- The Washington Times - Wednesday, January 14, 2015

The marijuana legalization initiative adopted by D.C. voters was transmitted to Congress Tuesday, starting the clock on a review period that defies efforts by Republicans to block its implementation.

D.C. Council Chairman Phil Mendelson had Initiative 71 transmitted to the House and Senate Tuesday, starting the 30-day legislative review period during which Congress can move to disapprove the legislation.

By transmitting the legislation, the council ignores the efforts of some Republican lawmakers who have sought to stop the legalization effort. Last year, Republicans amended a congressional spending bill to include language they say blocks the city from spending any money to loosen drug laws.

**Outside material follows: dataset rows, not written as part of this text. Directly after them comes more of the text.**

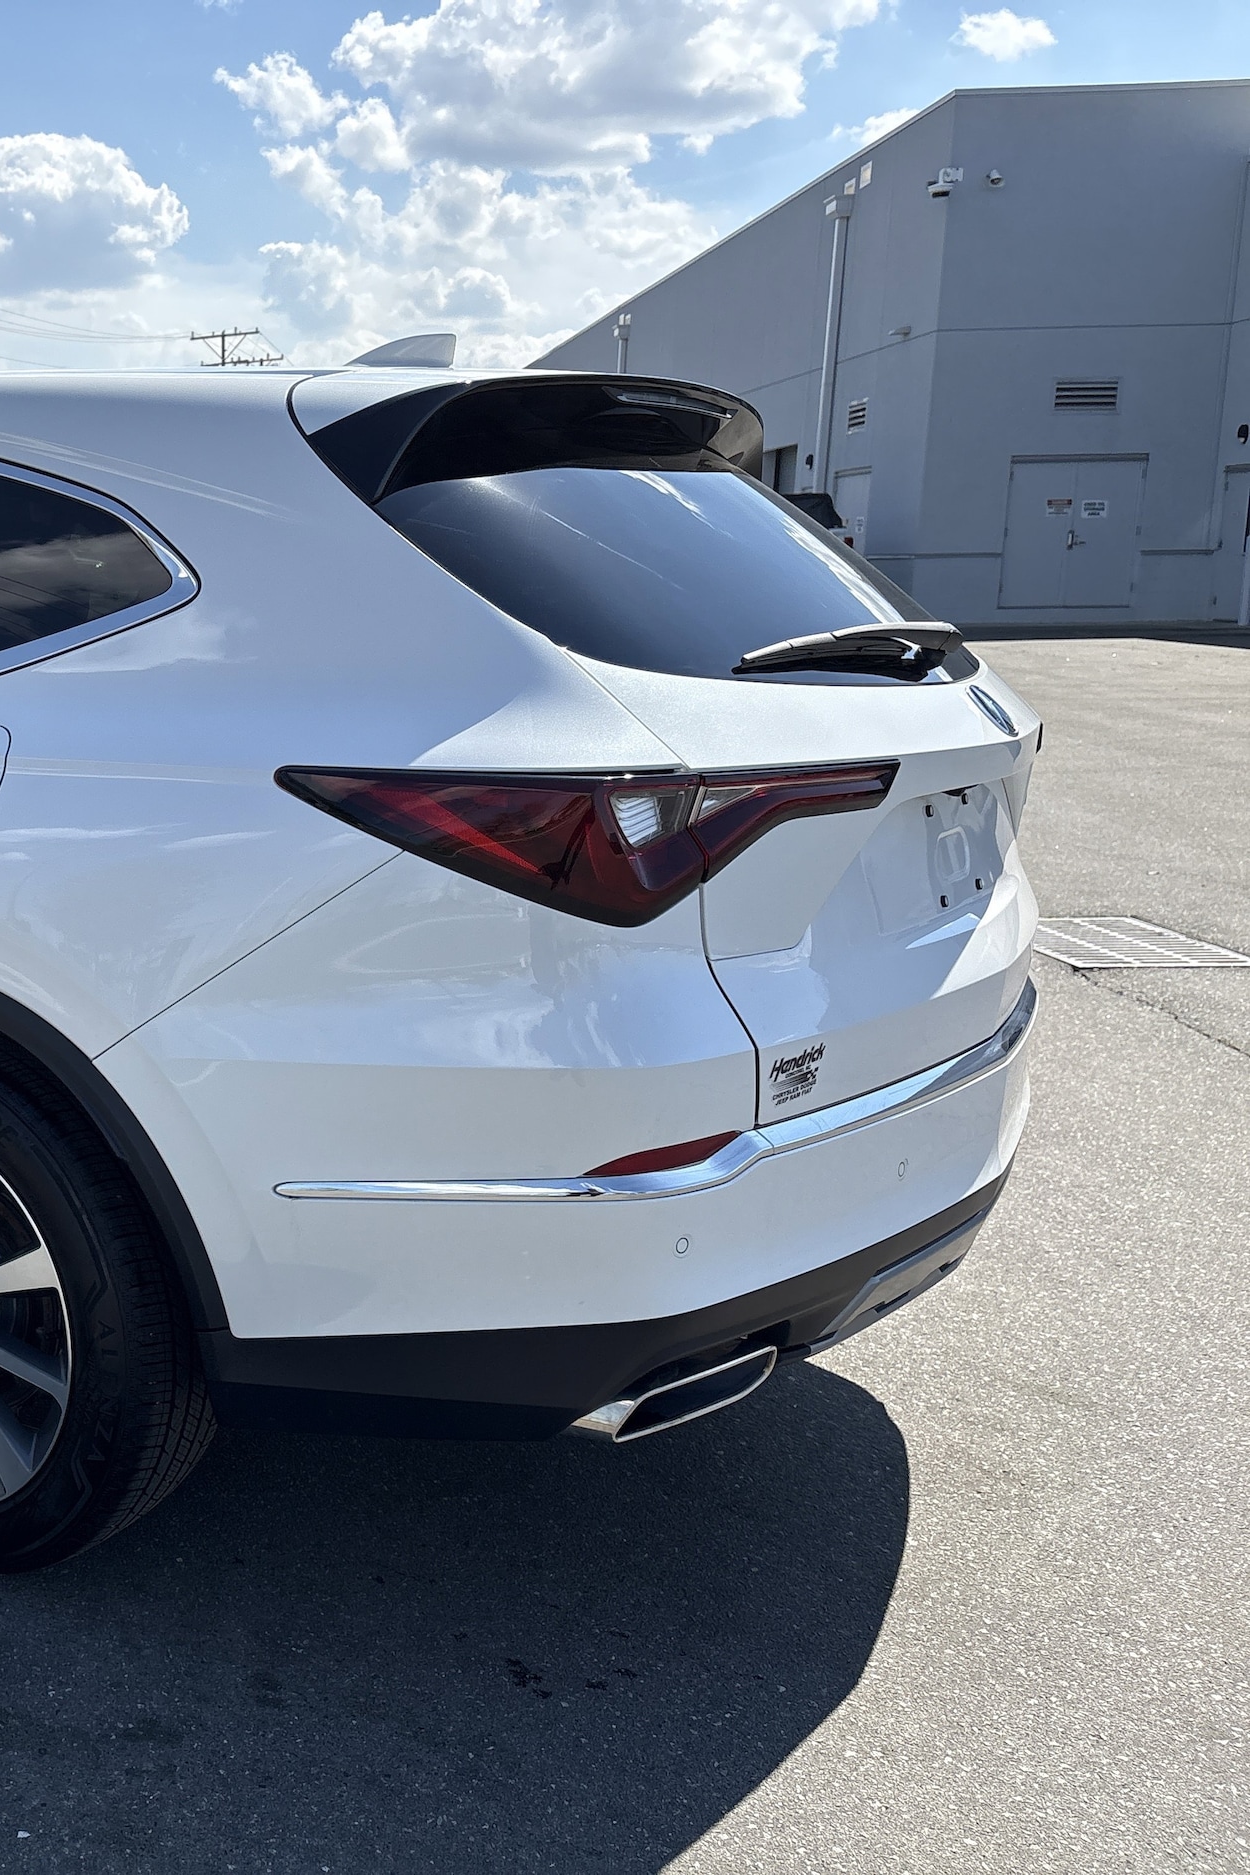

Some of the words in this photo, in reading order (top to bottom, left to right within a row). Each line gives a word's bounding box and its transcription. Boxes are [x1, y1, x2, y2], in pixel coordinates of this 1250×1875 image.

[769, 1042, 826, 1081] Hendrick
[773, 1087, 799, 1100] CHRYSLER
[800, 1079, 817, 1090] DODGE
[775, 1097, 789, 1106] JEEP
[790, 1092, 801, 1101] RAM
[801, 1087, 812, 1096] FIAT

But the potential for a showdown between the District and Congress looms as D.C. lawmakers, including Mr. Mendelson and D.C. Attorney General Karl Racine, believe that the initiative was self-executing and took effect when voters approved it — well ahead of the adoption of the spending bill by Congress.

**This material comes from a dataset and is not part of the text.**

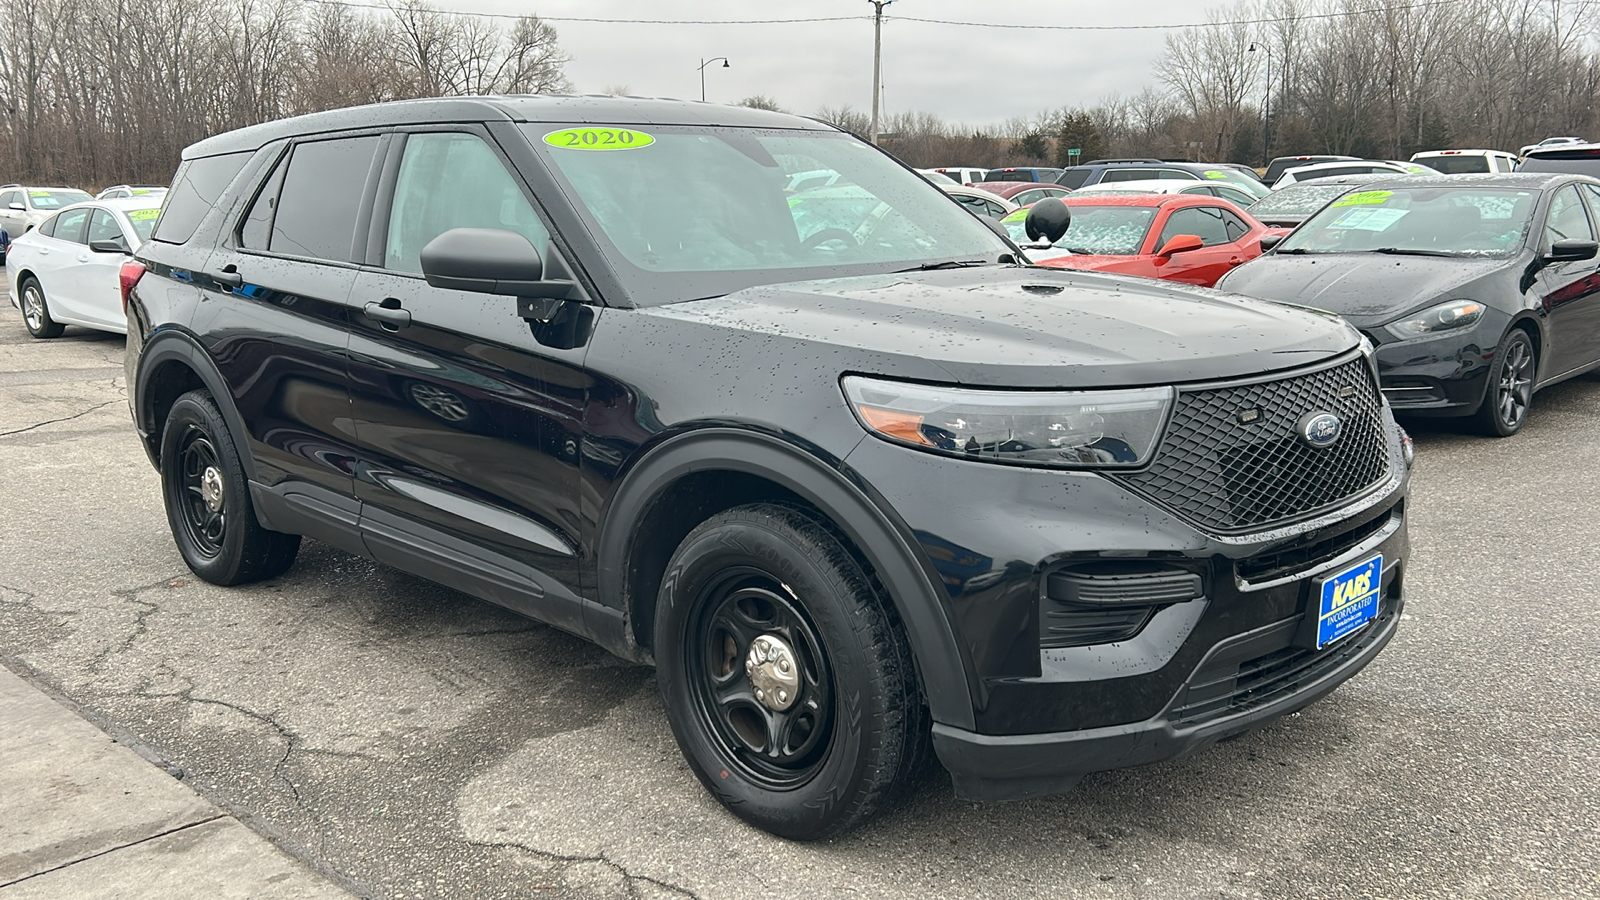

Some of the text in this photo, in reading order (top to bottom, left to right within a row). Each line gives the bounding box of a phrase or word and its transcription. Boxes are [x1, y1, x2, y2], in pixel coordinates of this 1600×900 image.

[564, 131, 634, 146] 2020
[1317, 420, 1336, 438] Ford
[1331, 570, 1372, 610] KARS
[1327, 596, 1372, 626] INCORPORATED

Republicans have taken the stance that the marijuana initiative, which 70 percent of voters supported at the ballot box, should not be allowed to take effect as a result of the language in the adopted spending bill.

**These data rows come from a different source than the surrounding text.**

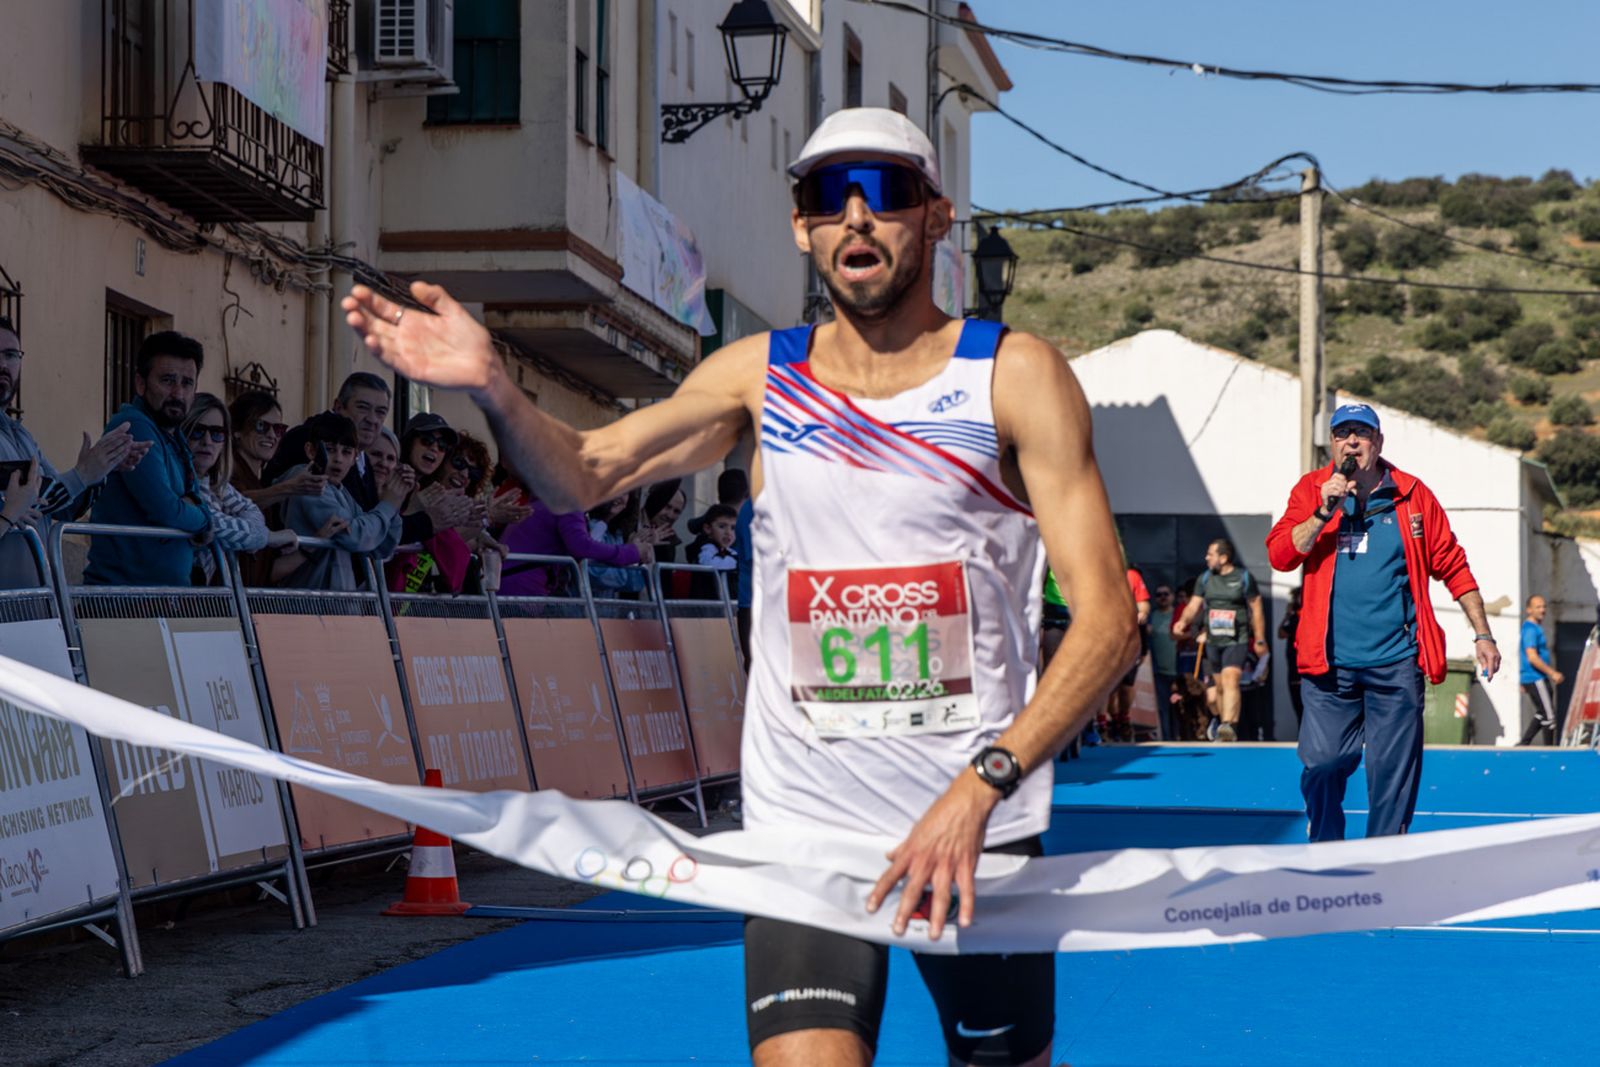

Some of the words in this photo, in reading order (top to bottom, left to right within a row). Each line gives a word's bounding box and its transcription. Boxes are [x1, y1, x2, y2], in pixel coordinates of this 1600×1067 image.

[808, 576, 837, 609] X
[841, 580, 940, 609] CROSS
[809, 607, 919, 630] PANTANO
[821, 623, 930, 684] 611
[412, 656, 453, 706] CROSS
[450, 656, 506, 704] PANTANO
[428, 734, 459, 785] DEL
[217, 768, 264, 809] MARTOS
[46, 796, 94, 827] NETWORK
[1164, 900, 1263, 923] Concejalía
[1267, 898, 1291, 915] de
[1295, 892, 1383, 912] Deportes

The District’s initiative would make it legal to possess up to 2 ounces of marijuana and for D.C. residents to grow up to six marijuana plants in their homes. Due to restrictions on the ballot initiative process, the measure does not set up a scheme by which marijuana could be bought and sold.

To block Initiative 71 through the process, federal lawmakers could file a disapproval resolution that both chambers of Congress and the president would have to approve. The process has been used infrequently however — with Congress successfully blocking only three laws over the last 40 years through that process.